Lucy’s mother looked from Colin to Josie and back. “Colin,” she said. “You know this woman?” He turned to her and smiled. “Amy,” he said. “You don’t recognize her from the news?” Tension knotted Josie’s shoulder blades. As a detective for the Denton Police Department, Josie had solved some of the most shocking cases in the state, many of which had made national news, but she still wasn’t used to her celebrity. Or notoriety. Amy stared at Josie with uncertainty until, finally breaking the tension, Josie extended a hand. “He’s right. I’m Josie Quinn.

I’m a detective with the police department.” Amy’s hand flew to her mouth. “Oh my God, you just solved the Drew Pratt case!” Josie nodded, noticing that Colin was beaming at her. “My team solved the case, yes.” Colin said, “She’s fantastic. Do you know who her father is?” Josie opened her mouth to say that her father was dead but before she could, Colin said, “Christian Payne.” A year ago, Josie had found out that she’d been kidnapped as an infant. Her real family believed she died in a fire.
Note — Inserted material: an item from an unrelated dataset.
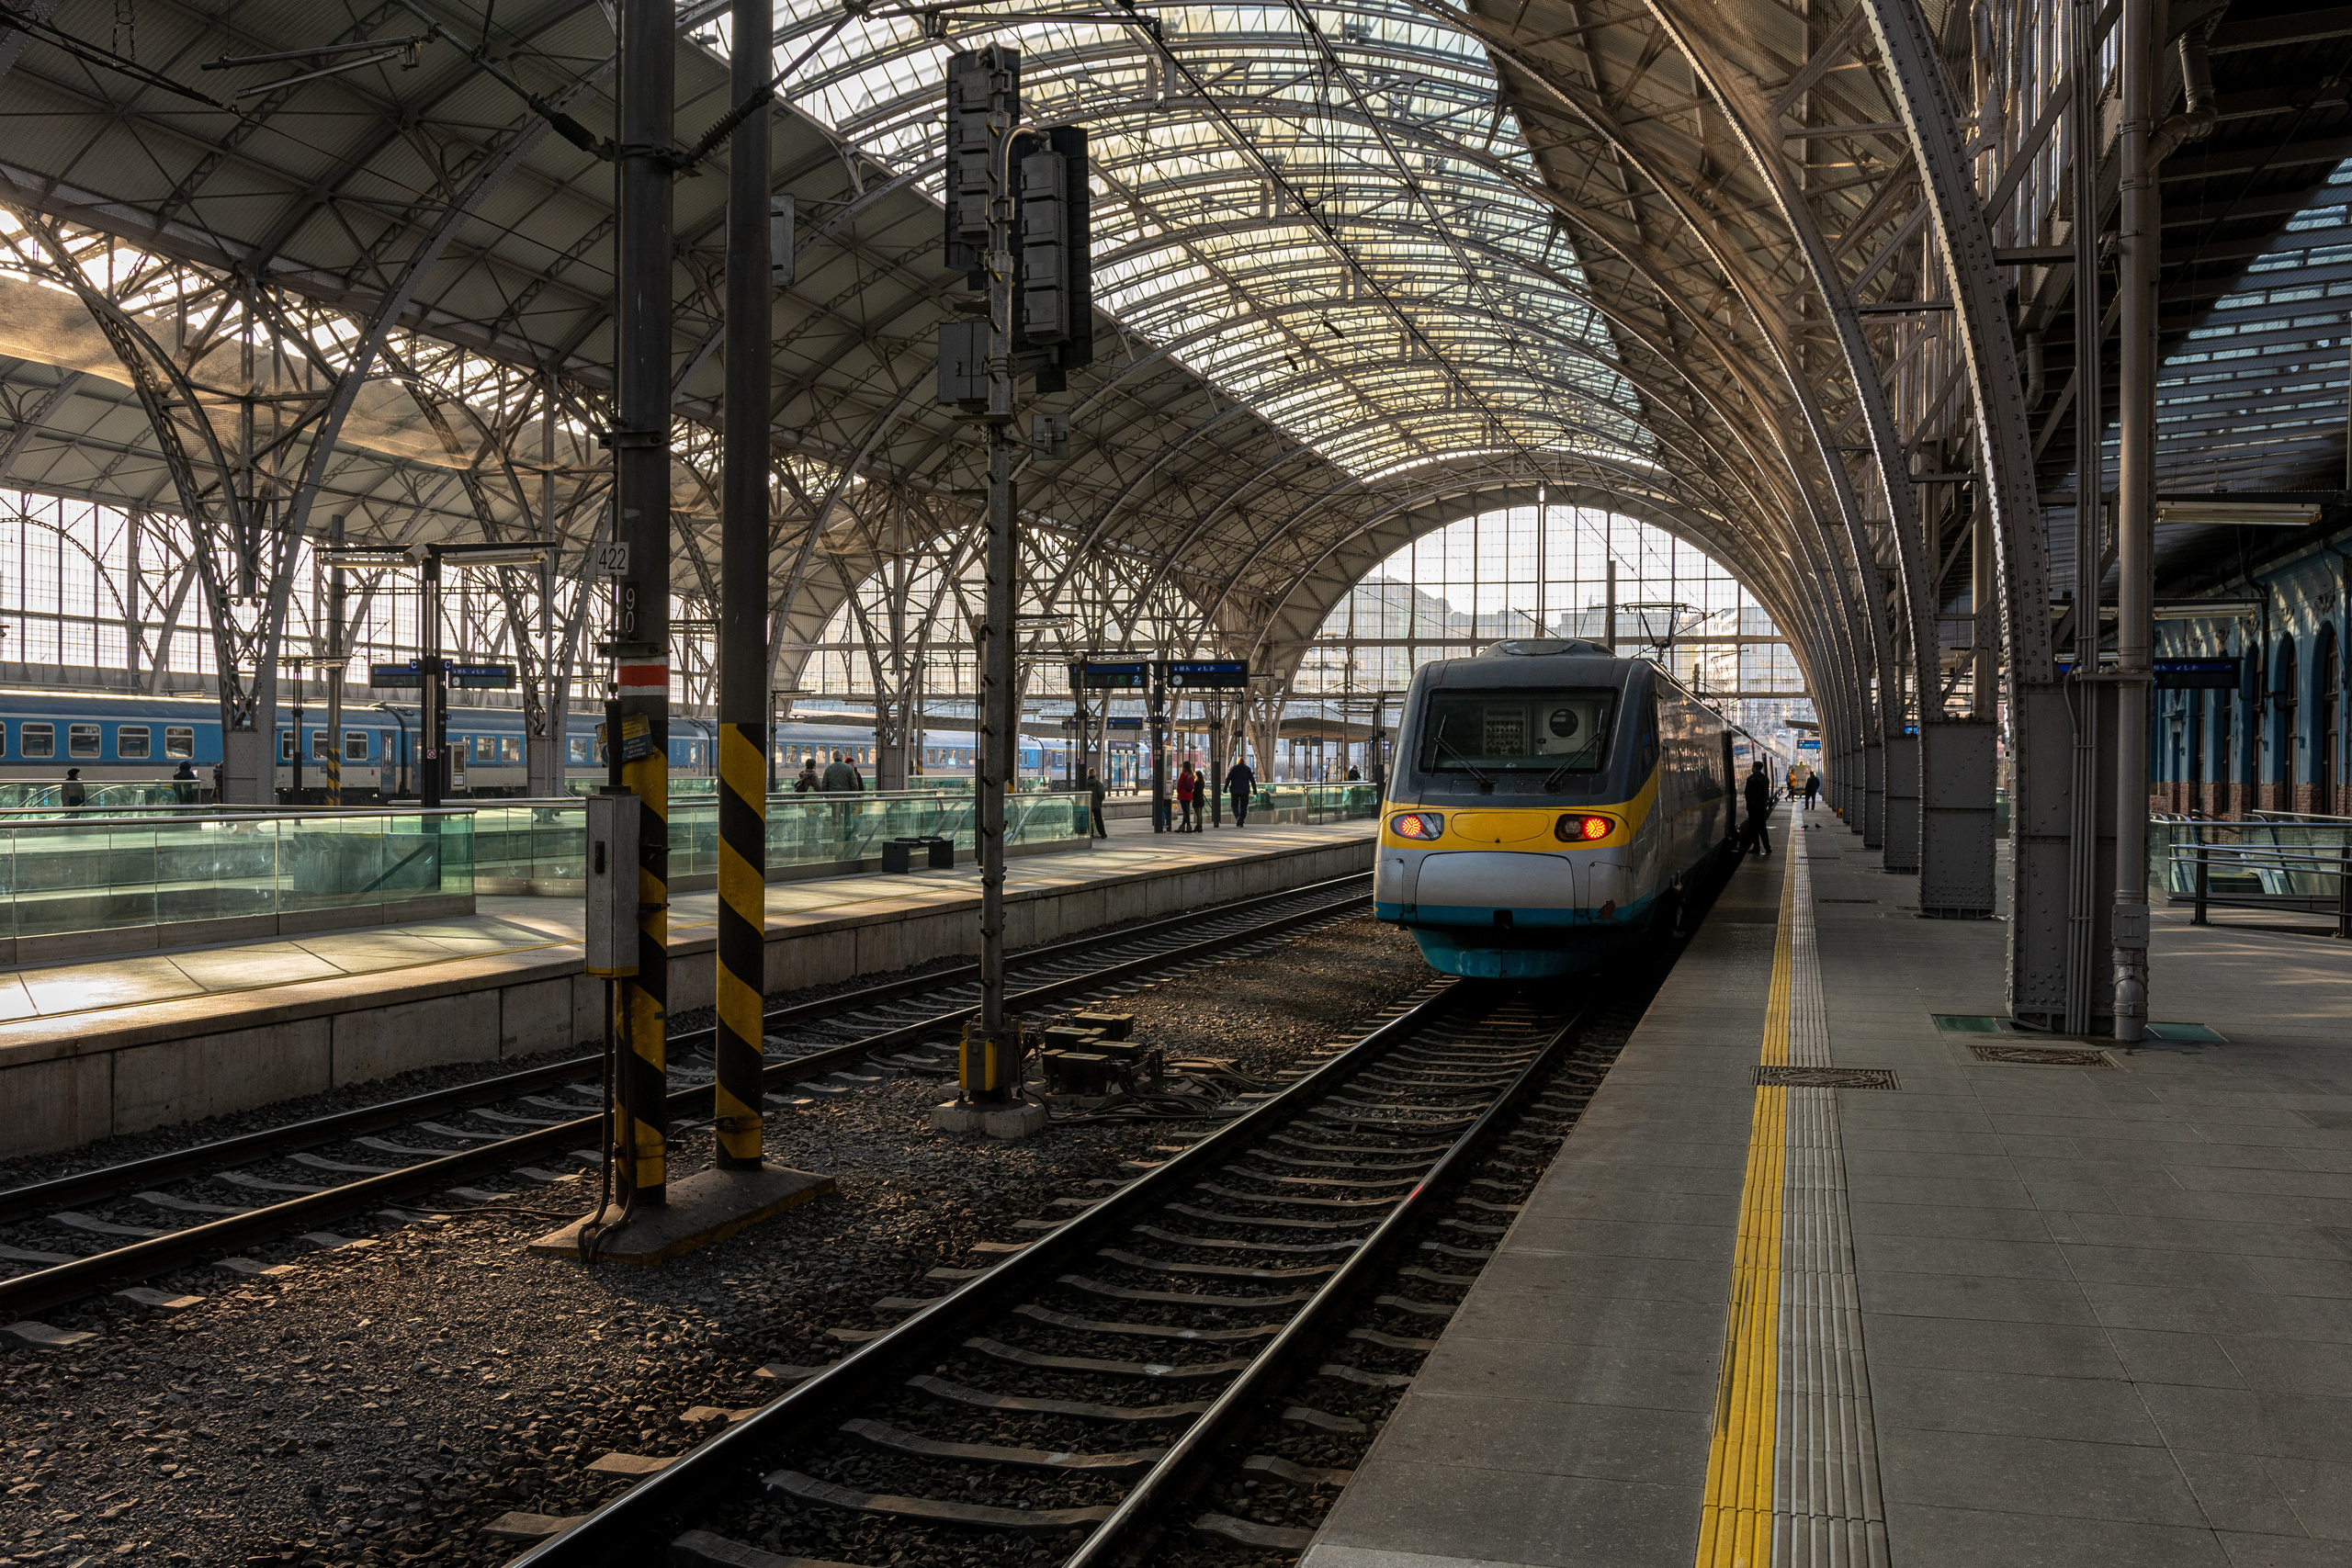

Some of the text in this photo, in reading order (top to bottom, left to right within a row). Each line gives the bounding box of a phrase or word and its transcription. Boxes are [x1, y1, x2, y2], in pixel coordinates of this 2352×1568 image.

She had only been recently reunited with them. It was still hard to get used to having an entirely new family.

“You know him?” Josie asked. Colin smiled. “We both work for Quarmark.” “Right,” Josie said. “Big pharma. Do you work in marketing as well?” “No, I’m on the team that develops the pricing structures for new drugs Quarmark rolls out onto the market.” “Fun stuff,” Amy remarked. “Daddy,” Lucy whined. “I want to go on the carousel.” “JoJo,” Harris said, pointing over Josie’s shoulder.

“Swings!” Josie was relieved he had changed his mind. “Just a minute, buddy.” Amy placed a hand on her husband’s back. “Honey, Lucy wants to go on the carousel. Do you want to go on with her or should I?” Colin smiled down at his daughter. “Maybe all three of us could go on.” “Which horse will you go on, Daddy?” Lucy asked. “I don’t know,” he said. “I have to have a good look at them before I choose.” He shot Josie another smile.

“It was great to meet you.” “You too,” Josie said. As the Ross family drifted off toward the carousel, Josie set Harris down on the grass and he raced off to the swings. As she helped him into one of the empty swings and began pushing him lightly, she saw that Amy and Lucy Ross had gotten on the carousel. Colin stood just outside the fence, talking on his cell phone again. So much for a family carousel ride. “Higher!” Harris cried. “Please, JoJo?” Josie smiled down at his crown of golden blond hair and pushed a little more forcefully, even though sending him a fraction higher caused a small uptick in her anxiety. She didn’t know how his mother, Misty, brought him here all the time. It seemed so fraught with danger.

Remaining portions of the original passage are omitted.